> _What the task requires_: Return each of the entries below precisely, with no pictures in the result.

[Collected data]
■ ■ ■

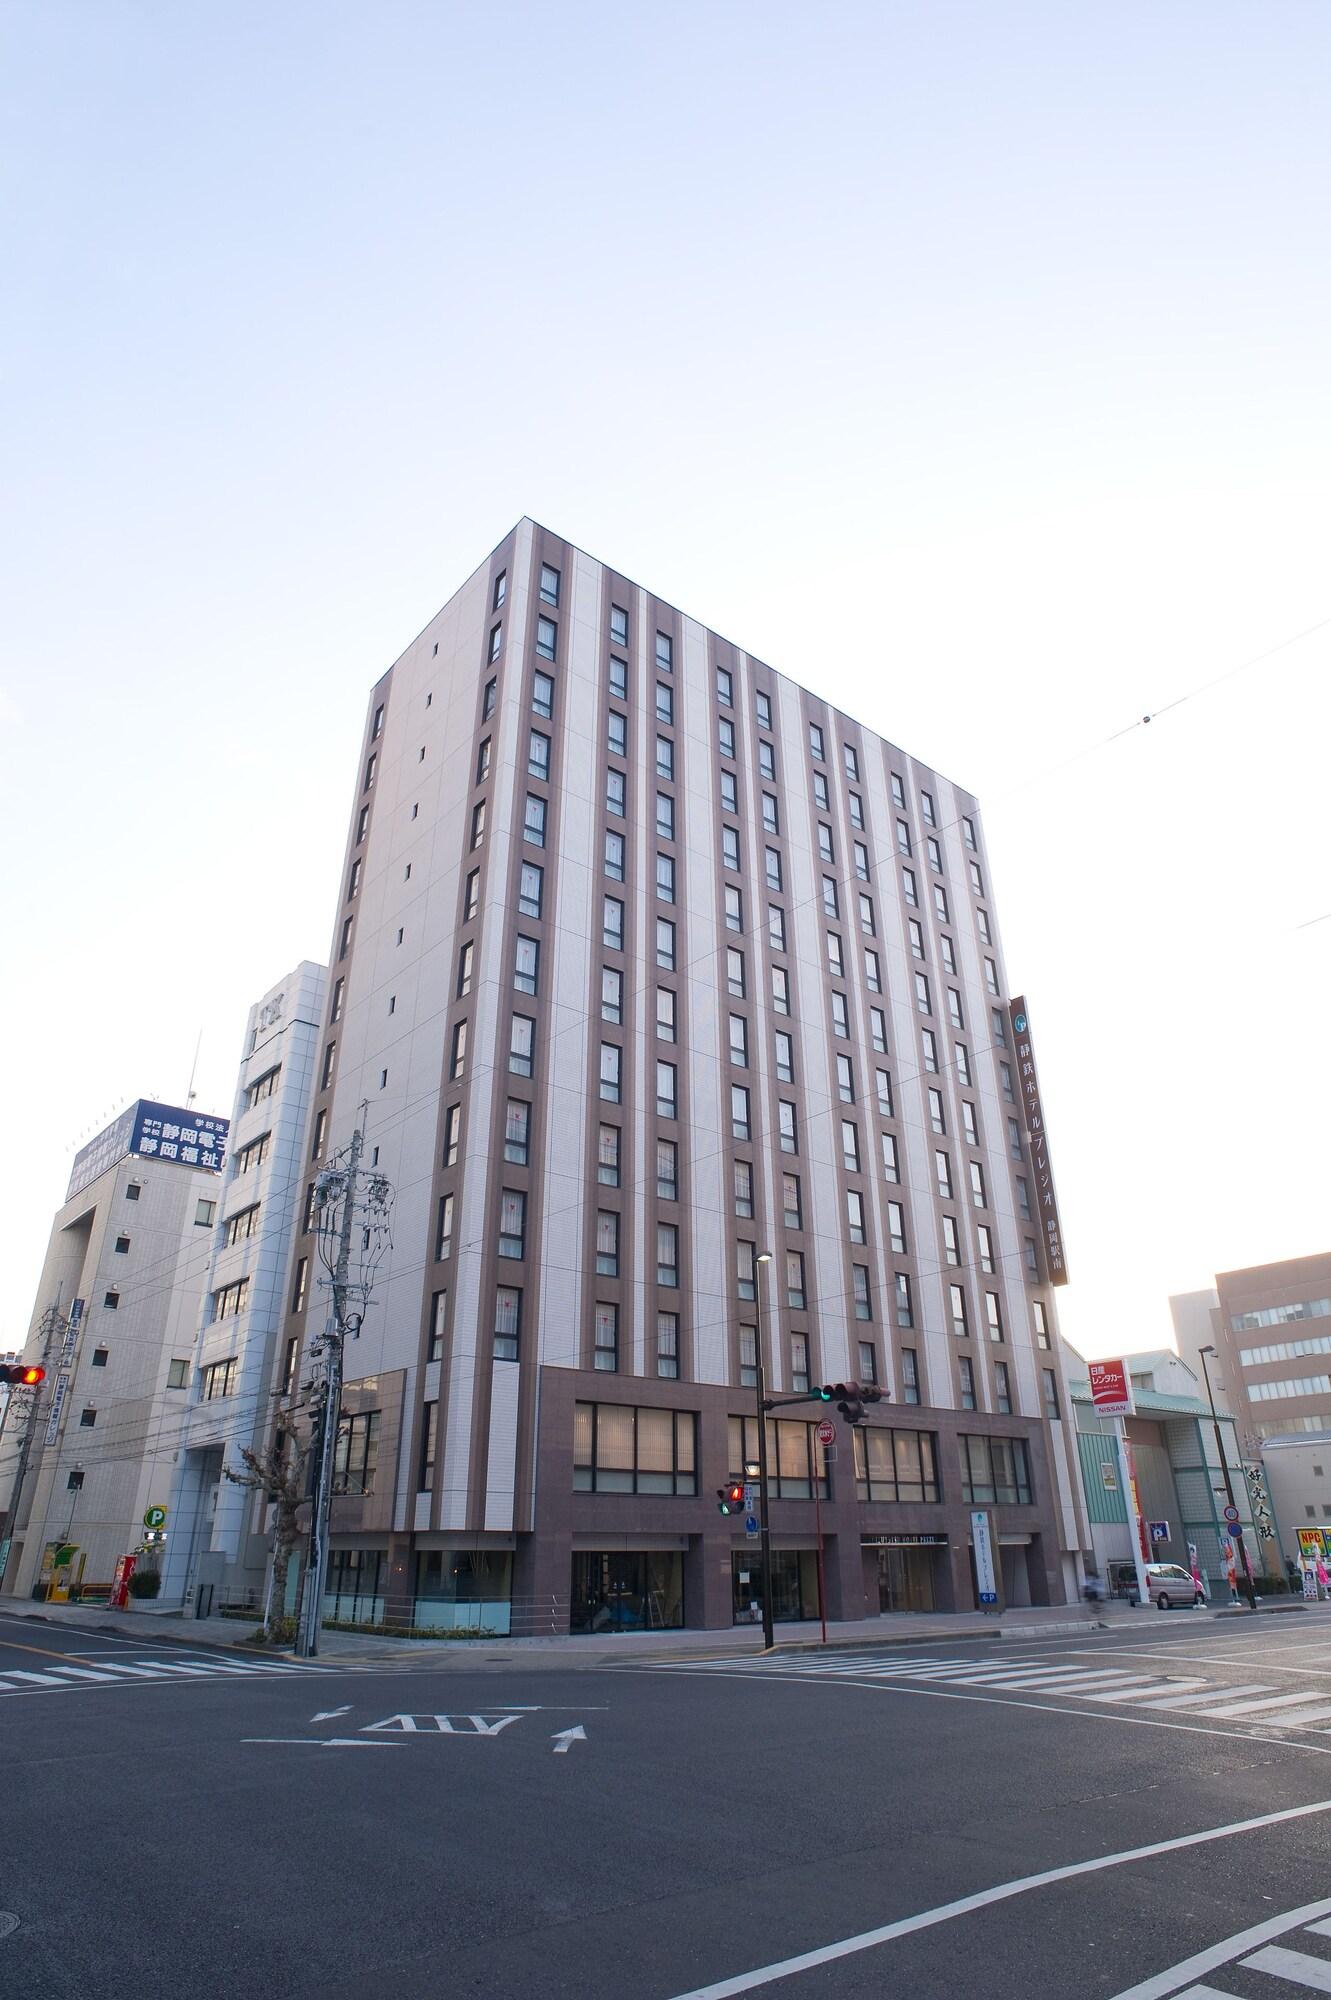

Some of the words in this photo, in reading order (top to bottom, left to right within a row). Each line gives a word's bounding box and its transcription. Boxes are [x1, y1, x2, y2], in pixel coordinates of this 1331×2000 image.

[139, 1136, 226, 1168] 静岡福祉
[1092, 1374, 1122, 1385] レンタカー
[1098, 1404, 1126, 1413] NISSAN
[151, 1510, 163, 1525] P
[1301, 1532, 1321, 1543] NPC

■ ■ ■

> _Output of the exercise_:
Some of the words in this photo, in reading order (top to bottom, left to right within a row). Each line gives a word's bounding box and its transcription. Boxes are [x1, y1, x2, y2], in pixel coordinates of this 1331×2000 image.

[139, 1136, 226, 1168] 静岡福祉
[1092, 1374, 1122, 1385] レンタカー
[1098, 1404, 1126, 1413] NISSAN
[151, 1510, 163, 1525] P
[1301, 1532, 1321, 1543] NPC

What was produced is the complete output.